Python 3.x 如何绘制最佳参数对应的随机森林树_Python 3.x_Machine Learning_Scikit Learn_Random Forest

Python 3.x 如何绘制最佳参数对应的随机森林树

python-3.x machine-learning scikit-learn

Python 3.x 如何绘制最佳参数对应的随机森林树,python-3.x,machine-learning,scikit-learn,random-forest,Python 3.x,Machine Learning,Scikit Learn,Random Forest,Python:3.6 窗口：10 我对随机森林和手头的问题几乎没有疑问：我正在使用Gridsearch运行使用随机林的回归问题。我想绘制对应于gridsearch找到的最佳拟合参数的树。这是代码 from sklearn.model_selection import train_test_split X_train, X_test, y_train, y_test = train_test_split(X, y, test_size=0.2, random_state=55)

Python:3.6

窗口：10

我对随机森林和手头的问题几乎没有疑问：

我正在使用Gridsearch运行使用随机林的回归问题。我想绘制对应于gridsearch找到的最佳拟合参数的树。这是代码

    from sklearn.model_selection import train_test_split
    X_train, X_test, y_train, y_test = train_test_split(X, y, test_size=0.2, random_state=55)
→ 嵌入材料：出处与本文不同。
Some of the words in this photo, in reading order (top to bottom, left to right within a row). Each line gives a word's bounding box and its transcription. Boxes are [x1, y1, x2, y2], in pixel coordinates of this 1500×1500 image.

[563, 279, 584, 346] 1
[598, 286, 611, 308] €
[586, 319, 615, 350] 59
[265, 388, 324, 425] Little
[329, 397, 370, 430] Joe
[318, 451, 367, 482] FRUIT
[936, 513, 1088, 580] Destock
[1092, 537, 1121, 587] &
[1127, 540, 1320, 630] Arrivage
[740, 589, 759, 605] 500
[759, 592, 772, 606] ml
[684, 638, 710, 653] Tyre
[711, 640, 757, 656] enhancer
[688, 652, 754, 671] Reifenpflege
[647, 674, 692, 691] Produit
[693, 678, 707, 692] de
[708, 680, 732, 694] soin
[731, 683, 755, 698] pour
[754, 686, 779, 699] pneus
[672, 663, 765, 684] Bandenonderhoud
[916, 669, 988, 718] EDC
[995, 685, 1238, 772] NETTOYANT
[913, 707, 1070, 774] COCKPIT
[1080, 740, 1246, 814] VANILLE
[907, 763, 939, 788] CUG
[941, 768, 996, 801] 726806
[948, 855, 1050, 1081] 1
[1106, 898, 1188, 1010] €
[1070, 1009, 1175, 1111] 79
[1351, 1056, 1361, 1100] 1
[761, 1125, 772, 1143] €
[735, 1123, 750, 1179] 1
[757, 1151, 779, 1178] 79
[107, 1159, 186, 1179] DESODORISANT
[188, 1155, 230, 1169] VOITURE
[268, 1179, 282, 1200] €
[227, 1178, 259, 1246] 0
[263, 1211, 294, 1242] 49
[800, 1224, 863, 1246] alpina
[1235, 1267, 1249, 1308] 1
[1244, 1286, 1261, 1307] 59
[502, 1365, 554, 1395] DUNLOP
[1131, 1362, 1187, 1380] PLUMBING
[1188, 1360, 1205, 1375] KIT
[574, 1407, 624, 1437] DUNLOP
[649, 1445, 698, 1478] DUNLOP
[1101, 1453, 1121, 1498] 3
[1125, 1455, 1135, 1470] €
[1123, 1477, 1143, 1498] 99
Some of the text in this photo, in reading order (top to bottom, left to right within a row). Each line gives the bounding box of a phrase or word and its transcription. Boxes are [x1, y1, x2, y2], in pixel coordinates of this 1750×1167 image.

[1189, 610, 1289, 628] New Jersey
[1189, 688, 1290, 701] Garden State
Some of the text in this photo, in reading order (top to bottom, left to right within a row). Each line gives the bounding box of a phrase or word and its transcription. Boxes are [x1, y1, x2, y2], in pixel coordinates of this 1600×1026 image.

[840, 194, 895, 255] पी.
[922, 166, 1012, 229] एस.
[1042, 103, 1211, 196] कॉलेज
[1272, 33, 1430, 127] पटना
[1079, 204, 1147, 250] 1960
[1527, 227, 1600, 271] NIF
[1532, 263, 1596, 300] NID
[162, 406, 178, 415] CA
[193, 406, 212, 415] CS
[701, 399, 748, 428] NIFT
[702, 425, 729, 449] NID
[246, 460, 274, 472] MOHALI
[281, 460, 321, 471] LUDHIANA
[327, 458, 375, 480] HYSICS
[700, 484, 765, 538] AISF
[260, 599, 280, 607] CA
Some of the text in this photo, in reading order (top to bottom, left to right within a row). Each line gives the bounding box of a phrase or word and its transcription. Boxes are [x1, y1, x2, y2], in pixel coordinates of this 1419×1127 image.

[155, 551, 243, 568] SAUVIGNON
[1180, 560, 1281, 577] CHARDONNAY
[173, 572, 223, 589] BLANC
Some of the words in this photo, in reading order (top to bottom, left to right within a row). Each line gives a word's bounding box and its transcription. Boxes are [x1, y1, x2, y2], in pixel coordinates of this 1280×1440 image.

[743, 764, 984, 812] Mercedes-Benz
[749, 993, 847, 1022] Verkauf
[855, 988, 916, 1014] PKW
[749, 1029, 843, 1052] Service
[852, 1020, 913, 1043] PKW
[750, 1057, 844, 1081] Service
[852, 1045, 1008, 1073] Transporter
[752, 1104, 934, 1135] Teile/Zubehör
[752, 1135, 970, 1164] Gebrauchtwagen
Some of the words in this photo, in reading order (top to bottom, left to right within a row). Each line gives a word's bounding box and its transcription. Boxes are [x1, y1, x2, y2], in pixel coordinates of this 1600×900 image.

    # Use the random grid to search for best hyperparameters
    # First create the base model to tune
    rf = RandomForestRegressor()
    # Random search of parameters, using 3 fold cross validation, 
    # search across 100 different combinations, and use all available cores
    rf_random = RandomizedSearchCV(estimator = rf, param_distributions = random_grid, n_iter = 50, cv = 5, verbose=2, random_state=56, n_jobs = -1)
    # Fit the random search model
    rf_random.fit(X_train, y_train)

    rf_random.best_params_

得出的最佳参数是：

    {'n_estimators': 1000,
     'min_samples_split': 5,
     'min_samples_leaf': 1,
     'max_features': 'auto',
     'max_depth': 5,
     'bootstrap': True}

如何使用上述参数绘制此树

我的因变量

位于范围[0,1]（连续）内，所有预测变量都是二进制或分类的。在这个输入和输出特征空间中，哪种算法通常能很好地工作。我尝试了随机森林。（结果不太好）。注意这里的

变量是一种比率，因此它介于0和1之间<代码>示例：食品费用/总费用

上述数据是倾斜的，这意味着60%的数据中的从属变量或

变量的值=

，其余数据中的值介于0和1之间。比如

0.66、0.87

等等

因为我的数据只有二进制

{0,1}

和分类变量

{A，B，C}

。我是否需要将其转换为一个热编码变量以使用随机林

在回答你的问题之前，请允许我退一步

理想情况下，应该通过

GridSearchCV

进一步深入查看

RandomizedSearchCV

的

最佳参数RandomizedSearchCV
将检查您的参数，而不尝试所有可能的选项。然后，一旦您获得了随机搜索CV
的最佳参数
，我们就可以在更窄的范围内调查所有可能的选项
您没有在代码输入中包含random\u grid
参数，但我希望您能像这样执行GridSearchCV：
# Create the parameter grid based on the results of RandomizedSearchCV
param_grid = {
    'max_depth': [4, 5, 6],
    'min_samples_leaf': [1, 2],
    'min_samples_split': [4, 5, 6],
    'n_estimators': [990, 1000, 1010]
}
# Fit the grid search model
grid_search = GridSearchCV(estimator = rf, param_grid = param_grid, 
                          cv = 5, n_jobs = -1, verbose = 2, random_state=56)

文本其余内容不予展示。